**The problem**
Every entry is to be set down a second time, precisely as written.

**Entries provided**
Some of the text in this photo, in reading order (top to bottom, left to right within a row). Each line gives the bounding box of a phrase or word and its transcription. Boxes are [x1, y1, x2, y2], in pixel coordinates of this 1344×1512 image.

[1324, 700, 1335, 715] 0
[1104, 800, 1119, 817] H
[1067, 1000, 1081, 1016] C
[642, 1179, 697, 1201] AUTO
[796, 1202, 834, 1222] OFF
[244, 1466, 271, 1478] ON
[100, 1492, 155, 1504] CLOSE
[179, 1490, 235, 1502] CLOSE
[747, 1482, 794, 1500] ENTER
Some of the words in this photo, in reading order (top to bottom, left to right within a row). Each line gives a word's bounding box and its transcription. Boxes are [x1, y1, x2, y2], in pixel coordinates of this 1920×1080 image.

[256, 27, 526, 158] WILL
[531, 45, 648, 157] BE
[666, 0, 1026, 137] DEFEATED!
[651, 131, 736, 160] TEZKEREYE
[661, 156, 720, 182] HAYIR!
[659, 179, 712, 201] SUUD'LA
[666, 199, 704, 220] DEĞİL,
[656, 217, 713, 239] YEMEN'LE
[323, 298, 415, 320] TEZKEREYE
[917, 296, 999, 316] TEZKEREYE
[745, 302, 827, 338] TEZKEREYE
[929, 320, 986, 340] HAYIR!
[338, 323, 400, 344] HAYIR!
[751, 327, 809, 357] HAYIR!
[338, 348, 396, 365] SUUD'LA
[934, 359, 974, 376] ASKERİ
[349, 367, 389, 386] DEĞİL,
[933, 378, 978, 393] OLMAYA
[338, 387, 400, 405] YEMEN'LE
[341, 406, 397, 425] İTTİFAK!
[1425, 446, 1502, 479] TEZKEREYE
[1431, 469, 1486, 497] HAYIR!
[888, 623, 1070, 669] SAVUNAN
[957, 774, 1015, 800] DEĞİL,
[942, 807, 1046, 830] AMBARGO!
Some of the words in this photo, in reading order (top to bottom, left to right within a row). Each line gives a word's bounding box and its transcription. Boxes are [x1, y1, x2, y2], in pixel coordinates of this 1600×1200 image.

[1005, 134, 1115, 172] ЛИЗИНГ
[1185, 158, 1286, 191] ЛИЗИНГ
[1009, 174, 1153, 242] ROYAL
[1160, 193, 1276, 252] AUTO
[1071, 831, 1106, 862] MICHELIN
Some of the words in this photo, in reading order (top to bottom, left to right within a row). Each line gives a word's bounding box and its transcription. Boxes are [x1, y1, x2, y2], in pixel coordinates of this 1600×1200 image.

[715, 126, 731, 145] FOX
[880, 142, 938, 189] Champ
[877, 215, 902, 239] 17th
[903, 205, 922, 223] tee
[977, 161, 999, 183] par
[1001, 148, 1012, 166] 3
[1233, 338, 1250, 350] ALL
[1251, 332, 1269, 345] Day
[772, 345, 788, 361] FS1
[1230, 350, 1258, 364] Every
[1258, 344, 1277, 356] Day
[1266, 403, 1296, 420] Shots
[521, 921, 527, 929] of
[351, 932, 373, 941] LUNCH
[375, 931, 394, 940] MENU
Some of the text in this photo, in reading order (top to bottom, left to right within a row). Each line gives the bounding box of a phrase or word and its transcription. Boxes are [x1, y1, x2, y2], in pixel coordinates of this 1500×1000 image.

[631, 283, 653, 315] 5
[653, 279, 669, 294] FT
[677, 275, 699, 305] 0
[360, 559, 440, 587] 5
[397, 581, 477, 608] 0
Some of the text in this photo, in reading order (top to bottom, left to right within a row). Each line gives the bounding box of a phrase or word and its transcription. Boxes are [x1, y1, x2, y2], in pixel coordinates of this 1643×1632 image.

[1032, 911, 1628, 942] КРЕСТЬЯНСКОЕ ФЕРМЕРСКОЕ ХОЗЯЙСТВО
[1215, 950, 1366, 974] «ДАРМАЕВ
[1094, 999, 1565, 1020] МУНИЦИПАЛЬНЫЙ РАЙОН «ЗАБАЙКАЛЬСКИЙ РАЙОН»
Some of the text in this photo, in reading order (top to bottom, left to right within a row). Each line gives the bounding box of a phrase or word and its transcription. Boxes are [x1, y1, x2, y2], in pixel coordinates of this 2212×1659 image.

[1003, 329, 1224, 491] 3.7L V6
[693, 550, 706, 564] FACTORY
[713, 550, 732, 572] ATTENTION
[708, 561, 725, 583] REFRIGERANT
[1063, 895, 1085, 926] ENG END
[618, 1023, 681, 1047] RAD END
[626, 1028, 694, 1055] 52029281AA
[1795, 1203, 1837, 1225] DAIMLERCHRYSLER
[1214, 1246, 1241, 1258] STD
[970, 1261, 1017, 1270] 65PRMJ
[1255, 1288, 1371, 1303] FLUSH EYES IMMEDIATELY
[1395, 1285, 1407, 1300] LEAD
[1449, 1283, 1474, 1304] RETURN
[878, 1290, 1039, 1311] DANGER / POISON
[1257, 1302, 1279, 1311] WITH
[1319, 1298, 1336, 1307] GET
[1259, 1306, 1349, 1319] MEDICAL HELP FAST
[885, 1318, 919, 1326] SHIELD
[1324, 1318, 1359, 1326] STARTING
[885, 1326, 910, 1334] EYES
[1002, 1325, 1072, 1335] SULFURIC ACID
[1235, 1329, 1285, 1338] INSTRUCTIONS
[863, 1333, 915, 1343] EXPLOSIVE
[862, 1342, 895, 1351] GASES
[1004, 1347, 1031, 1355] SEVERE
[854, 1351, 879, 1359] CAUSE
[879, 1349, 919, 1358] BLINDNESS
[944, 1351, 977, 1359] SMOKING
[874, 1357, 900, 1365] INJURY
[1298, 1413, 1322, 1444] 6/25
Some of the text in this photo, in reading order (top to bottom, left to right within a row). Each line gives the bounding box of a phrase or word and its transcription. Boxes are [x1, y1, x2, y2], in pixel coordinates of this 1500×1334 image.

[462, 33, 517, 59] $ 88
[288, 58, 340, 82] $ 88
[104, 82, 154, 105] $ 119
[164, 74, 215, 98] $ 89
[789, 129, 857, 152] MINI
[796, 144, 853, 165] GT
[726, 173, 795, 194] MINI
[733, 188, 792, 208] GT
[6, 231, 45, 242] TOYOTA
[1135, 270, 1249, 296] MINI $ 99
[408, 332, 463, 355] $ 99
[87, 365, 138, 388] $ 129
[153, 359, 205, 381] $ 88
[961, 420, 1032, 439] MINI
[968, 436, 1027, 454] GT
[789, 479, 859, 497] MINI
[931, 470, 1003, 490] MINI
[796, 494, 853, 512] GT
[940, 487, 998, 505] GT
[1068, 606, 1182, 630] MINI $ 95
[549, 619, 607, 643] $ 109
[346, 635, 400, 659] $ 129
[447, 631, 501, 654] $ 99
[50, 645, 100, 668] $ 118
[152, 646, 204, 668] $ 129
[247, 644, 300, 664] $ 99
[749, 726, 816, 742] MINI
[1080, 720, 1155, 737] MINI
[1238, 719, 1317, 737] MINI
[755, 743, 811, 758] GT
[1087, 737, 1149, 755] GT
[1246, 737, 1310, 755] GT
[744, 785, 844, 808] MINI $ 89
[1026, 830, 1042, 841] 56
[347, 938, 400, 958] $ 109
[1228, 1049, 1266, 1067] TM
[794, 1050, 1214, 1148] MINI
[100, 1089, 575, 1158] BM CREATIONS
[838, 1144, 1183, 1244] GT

**Written response**
Some of the text in this photo, in reading order (top to bottom, left to right within a row). Each line gives the bounding box of a phrase or word and its transcription. Boxes are [x1, y1, x2, y2], in pixel coordinates of this 1344×1512 image.

[1324, 700, 1335, 715] 0
[1104, 800, 1119, 817] H
[1067, 1000, 1081, 1016] C
[642, 1179, 697, 1201] AUTO
[796, 1202, 834, 1222] OFF
[244, 1466, 271, 1478] ON
[100, 1492, 155, 1504] CLOSE
[179, 1490, 235, 1502] CLOSE
[747, 1482, 794, 1500] ENTER
Some of the words in this photo, in reading order (top to bottom, left to right within a row). Each line gives a word's bounding box and its transcription. Boxes are [x1, y1, x2, y2], in pixel coordinates of this 1920×1080 image.

[256, 27, 526, 158] WILL
[531, 45, 648, 157] BE
[666, 0, 1026, 137] DEFEATED!
[651, 131, 736, 160] TEZKEREYE
[661, 156, 720, 182] HAYIR!
[659, 179, 712, 201] SUUD'LA
[666, 199, 704, 220] DEĞİL,
[656, 217, 713, 239] YEMEN'LE
[323, 298, 415, 320] TEZKEREYE
[917, 296, 999, 316] TEZKEREYE
[745, 302, 827, 338] TEZKEREYE
[929, 320, 986, 340] HAYIR!
[338, 323, 400, 344] HAYIR!
[751, 327, 809, 357] HAYIR!
[338, 348, 396, 365] SUUD'LA
[934, 359, 974, 376] ASKERİ
[349, 367, 389, 386] DEĞİL,
[933, 378, 978, 393] OLMAYA
[338, 387, 400, 405] YEMEN'LE
[341, 406, 397, 425] İTTİFAK!
[1425, 446, 1502, 479] TEZKEREYE
[1431, 469, 1486, 497] HAYIR!
[888, 623, 1070, 669] SAVUNAN
[957, 774, 1015, 800] DEĞİL,
[942, 807, 1046, 830] AMBARGO!
Some of the words in this photo, in reading order (top to bottom, left to right within a row). Each line gives a word's bounding box and its transcription. Boxes are [x1, y1, x2, y2], in pixel coordinates of this 1600×1200 image.

[1005, 134, 1115, 172] ЛИЗИНГ
[1185, 158, 1286, 191] ЛИЗИНГ
[1009, 174, 1153, 242] ROYAL
[1160, 193, 1276, 252] AUTO
[1071, 831, 1106, 862] MICHELIN
Some of the words in this photo, in reading order (top to bottom, left to right within a row). Each line gives a word's bounding box and its transcription. Boxes are [x1, y1, x2, y2], in pixel coordinates of this 1600×1200 image.

[715, 126, 731, 145] FOX
[880, 142, 938, 189] Champ
[877, 215, 902, 239] 17th
[903, 205, 922, 223] tee
[977, 161, 999, 183] par
[1001, 148, 1012, 166] 3
[1233, 338, 1250, 350] ALL
[1251, 332, 1269, 345] Day
[772, 345, 788, 361] FS1
[1230, 350, 1258, 364] Every
[1258, 344, 1277, 356] Day
[1266, 403, 1296, 420] Shots
[521, 921, 527, 929] of
[351, 932, 373, 941] LUNCH
[375, 931, 394, 940] MENU
Some of the text in this photo, in reading order (top to bottom, left to right within a row). Each line gives the bounding box of a phrase or word and its transcription. Boxes are [x1, y1, x2, y2], in pixel coordinates of this 1500×1000 image.

[631, 283, 653, 315] 5
[653, 279, 669, 294] FT
[677, 275, 699, 305] 0
[360, 559, 440, 587] 5
[397, 581, 477, 608] 0
Some of the text in this photo, in reading order (top to bottom, left to right within a row). Each line gives the bounding box of a phrase or word and its transcription. Boxes are [x1, y1, x2, y2], in pixel coordinates of this 1643×1632 image.

[1032, 911, 1628, 942] КРЕСТЬЯНСКОЕ ФЕРМЕРСКОЕ ХОЗЯЙСТВО
[1215, 950, 1366, 974] «ДАРМАЕВ
[1094, 999, 1565, 1020] МУНИЦИПАЛЬНЫЙ РАЙОН «ЗАБАЙКАЛЬСКИЙ РАЙОН»
Some of the text in this photo, in reading order (top to bottom, left to right within a row). Each line gives the bounding box of a phrase or word and its transcription. Boxes are [x1, y1, x2, y2], in pixel coordinates of this 2212×1659 image.

[1003, 329, 1224, 491] 3.7L V6
[693, 550, 706, 564] FACTORY
[713, 550, 732, 572] ATTENTION
[708, 561, 725, 583] REFRIGERANT
[1063, 895, 1085, 926] ENG END
[618, 1023, 681, 1047] RAD END
[626, 1028, 694, 1055] 52029281AA
[1795, 1203, 1837, 1225] DAIMLERCHRYSLER
[1214, 1246, 1241, 1258] STD
[970, 1261, 1017, 1270] 65PRMJ
[1255, 1288, 1371, 1303] FLUSH EYES IMMEDIATELY
[1395, 1285, 1407, 1300] LEAD
[1449, 1283, 1474, 1304] RETURN
[878, 1290, 1039, 1311] DANGER / POISON
[1257, 1302, 1279, 1311] WITH
[1319, 1298, 1336, 1307] GET
[1259, 1306, 1349, 1319] MEDICAL HELP FAST
[885, 1318, 919, 1326] SHIELD
[1324, 1318, 1359, 1326] STARTING
[885, 1326, 910, 1334] EYES
[1002, 1325, 1072, 1335] SULFURIC ACID
[1235, 1329, 1285, 1338] INSTRUCTIONS
[863, 1333, 915, 1343] EXPLOSIVE
[862, 1342, 895, 1351] GASES
[1004, 1347, 1031, 1355] SEVERE
[854, 1351, 879, 1359] CAUSE
[879, 1349, 919, 1358] BLINDNESS
[944, 1351, 977, 1359] SMOKING
[874, 1357, 900, 1365] INJURY
[1298, 1413, 1322, 1444] 6/25
Some of the text in this photo, in reading order (top to bottom, left to right within a row). Each line gives the bounding box of a phrase or word and its transcription. Boxes are [x1, y1, x2, y2], in pixel coordinates of this 1500×1334 image.

[462, 33, 517, 59] $ 88
[288, 58, 340, 82] $ 88
[104, 82, 154, 105] $ 119
[164, 74, 215, 98] $ 89
[789, 129, 857, 152] MINI
[796, 144, 853, 165] GT
[726, 173, 795, 194] MINI
[733, 188, 792, 208] GT
[6, 231, 45, 242] TOYOTA
[1135, 270, 1249, 296] MINI $ 99
[408, 332, 463, 355] $ 99
[87, 365, 138, 388] $ 129
[153, 359, 205, 381] $ 88
[961, 420, 1032, 439] MINI
[968, 436, 1027, 454] GT
[789, 479, 859, 497] MINI
[931, 470, 1003, 490] MINI
[796, 494, 853, 512] GT
[940, 487, 998, 505] GT
[1068, 606, 1182, 630] MINI $ 95
[549, 619, 607, 643] $ 109
[346, 635, 400, 659] $ 129
[447, 631, 501, 654] $ 99
[50, 645, 100, 668] $ 118
[152, 646, 204, 668] $ 129
[247, 644, 300, 664] $ 99
[749, 726, 816, 742] MINI
[1080, 720, 1155, 737] MINI
[1238, 719, 1317, 737] MINI
[755, 743, 811, 758] GT
[1087, 737, 1149, 755] GT
[1246, 737, 1310, 755] GT
[744, 785, 844, 808] MINI $ 89
[1026, 830, 1042, 841] 56
[347, 938, 400, 958] $ 109
[1228, 1049, 1266, 1067] TM
[794, 1050, 1214, 1148] MINI
[100, 1089, 575, 1158] BM CREATIONS
[838, 1144, 1183, 1244] GT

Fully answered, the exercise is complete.